# TASK TO COMPLETE
Copy the listing below exactly. Pictures stay out of it.

################

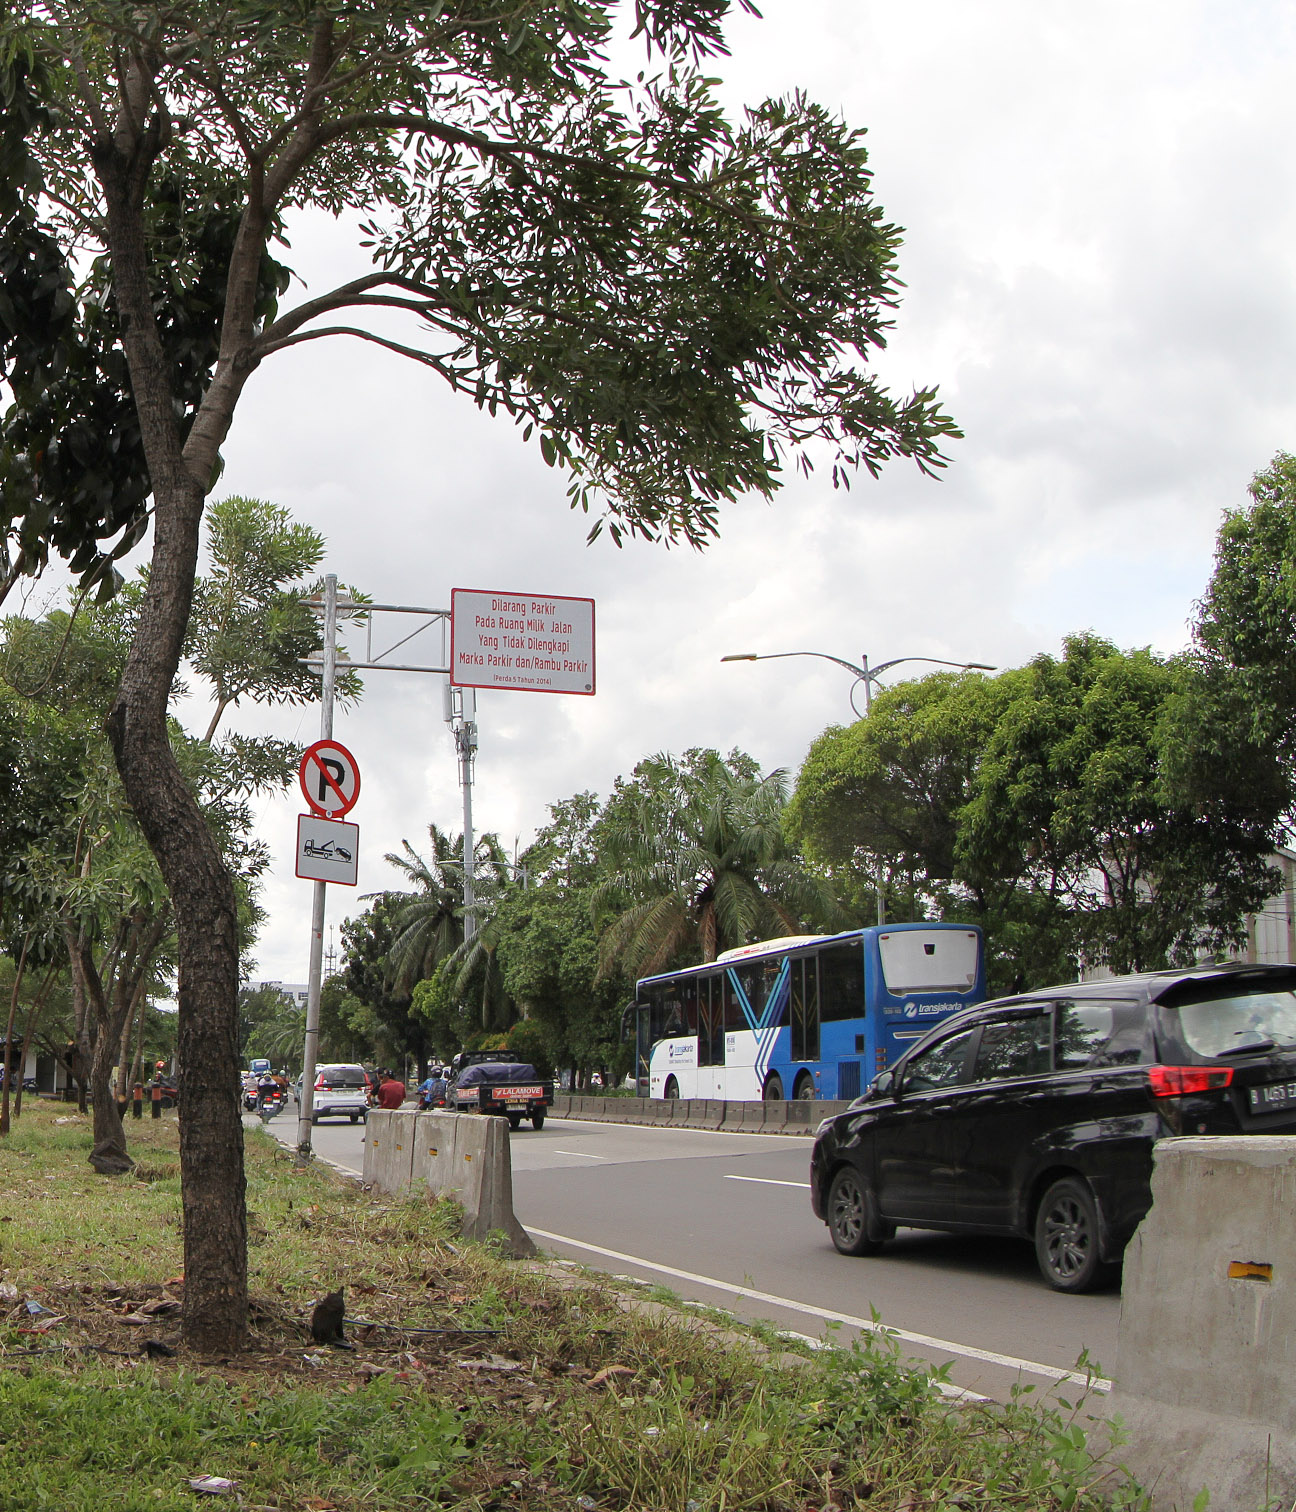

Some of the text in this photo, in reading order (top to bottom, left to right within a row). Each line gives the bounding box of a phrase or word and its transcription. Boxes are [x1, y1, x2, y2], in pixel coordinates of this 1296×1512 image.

[492, 599, 556, 616] Dilarang Parkir
[475, 616, 572, 634] Pada Ruang Milik Jalan
[478, 634, 570, 655] Yang Tidak Dilengkapi
[459, 652, 588, 673] Marka Parkir dan/Rambu Parkir
[517, 676, 535, 684] Tahun
[918, 1002, 963, 1015] transjakarta
[502, 1087, 541, 1095] LALAMOVE

################

# EXERCISE OUTPUT
Some of the text in this photo, in reading order (top to bottom, left to right within a row). Each line gives the bounding box of a phrase or word and its transcription. Boxes are [x1, y1, x2, y2], in pixel coordinates of this 1296×1512 image.

[492, 599, 556, 616] Dilarang Parkir
[475, 616, 572, 634] Pada Ruang Milik Jalan
[478, 634, 570, 655] Yang Tidak Dilengkapi
[459, 652, 588, 673] Marka Parkir dan/Rambu Parkir
[517, 676, 535, 684] Tahun
[918, 1002, 963, 1015] transjakarta
[502, 1087, 541, 1095] LALAMOVE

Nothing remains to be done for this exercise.